Nmap Development mailing list archives

Re: nmap crashes my appliance


From: "DePriest, Jason R." <jrdepriest () gmail com>
Date: Tue, 12 Dec 2006 22:07:58 +0000

On 12/11/06, Hans Nilsson  wrote:
Well you could try deterimining why it crashes. Does it only crash when
scanning above port 34322 for example? And then customize your scan to
that.

This is a Symantec Firewall/VPN 200 running firmware V1 Rel 8F.

The ports that are open on the LAN side are 80, 8088, and 34952.

With default logging enabled, the firewall logs a 'SYN Floods
attack!!!' for each of the three open ports when nmap scans them.

no crash: nmap -sS -p- 192.168.235.1
no crash: nmap -sSV -p- 192.168.235.1

crash: nmap -sSV -O -p- 192.168.235.1
WARNING:  RST from 192.168.1.235.1 port 80 -- is this port really open?
WARNING:  RST from port 80 -- is this port really open?

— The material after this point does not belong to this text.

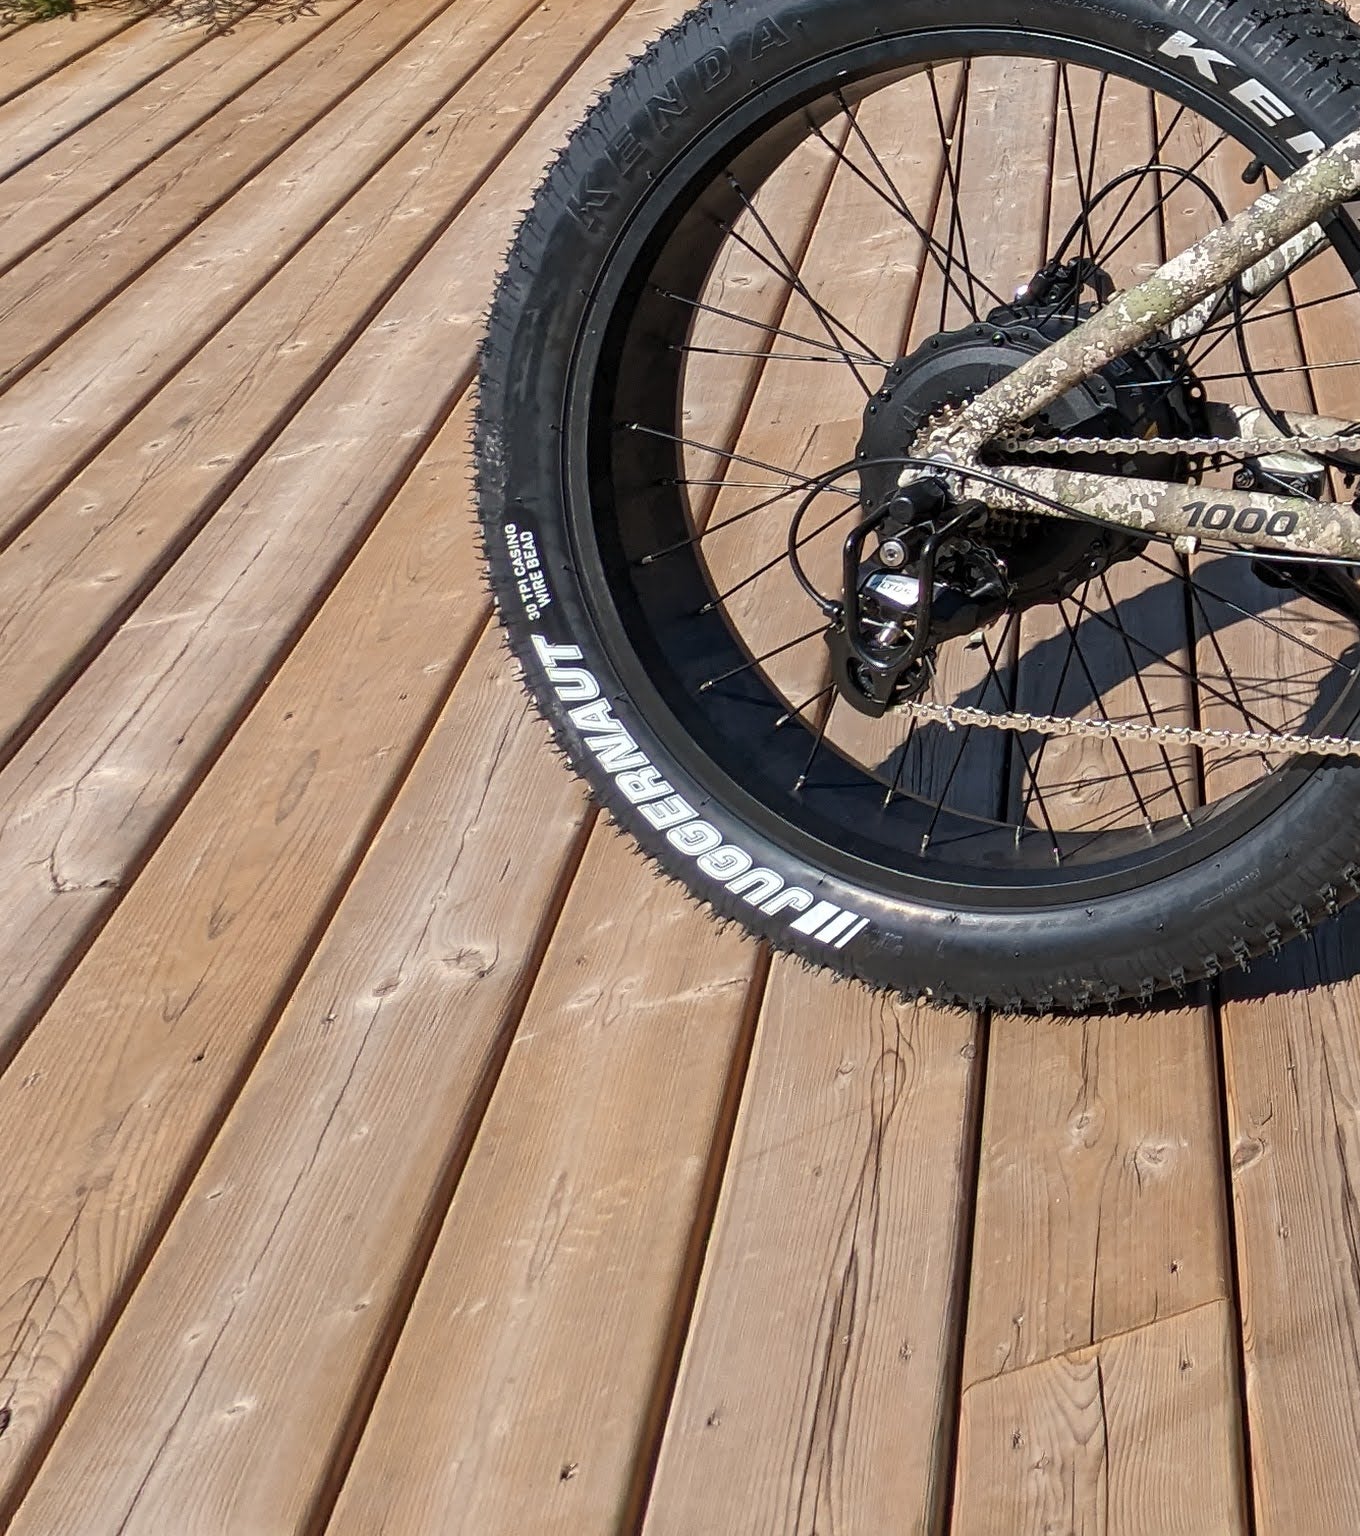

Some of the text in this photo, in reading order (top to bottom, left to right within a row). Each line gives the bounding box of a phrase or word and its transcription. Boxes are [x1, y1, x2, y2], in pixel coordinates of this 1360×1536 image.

crash: nmap -sSV -O -p1-79,81-65535 192.168.235.1
WARNING:  RST from 192.168.235.1 port 8088 -- is this port really open?

So it's OS detection causing me grief.

crash: nmap -sSV -O1 -p- 192.168.235.1
no specific warnings or errors

crash: nmap -sSV -O2 -p- 192.168.231.1
WARNING: RST from 192.168.235.1 port 80 -- is this port really open?

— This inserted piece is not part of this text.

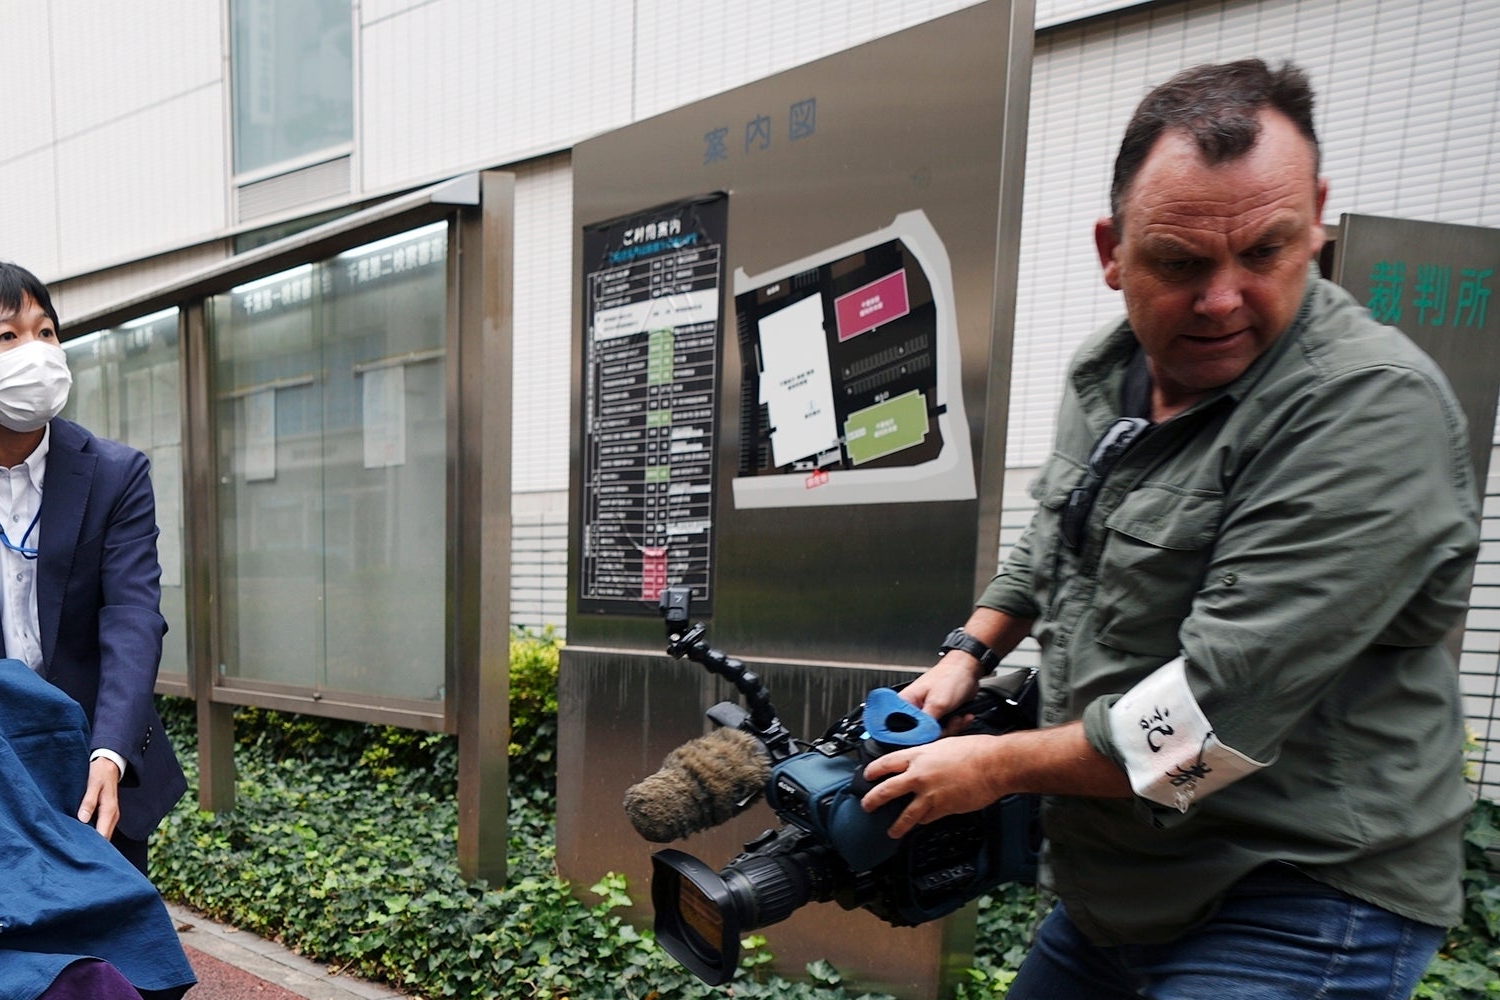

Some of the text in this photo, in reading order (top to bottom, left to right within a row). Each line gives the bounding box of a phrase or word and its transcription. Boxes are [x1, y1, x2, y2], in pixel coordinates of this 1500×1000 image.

How does nmap respond if, while performing OS detection, the target
becomes unresponsive?  Does it continue to hammer it or does it stop
and use what it already has?

I have tried running it debugging on, but it still finishes so fast
that I cannot tell which check was running when the firewall drops
off.  The hardware is still up, you just can no longer connect to it
or connect through it.

If nmap stops running checks when the device fails, then I can figure
out which check it was, otherwise, I suppose I would need to
understand which checks generate what sort of traffic and see what the
responses are.

For the sake of argument, would the output of
nmap -sSV -O -d --packet-trace -p80,8088,34952 192.168.235.1
be useful.
I'd want to restrict the ports to the ones that I know are open to
keep the logfile from being too big.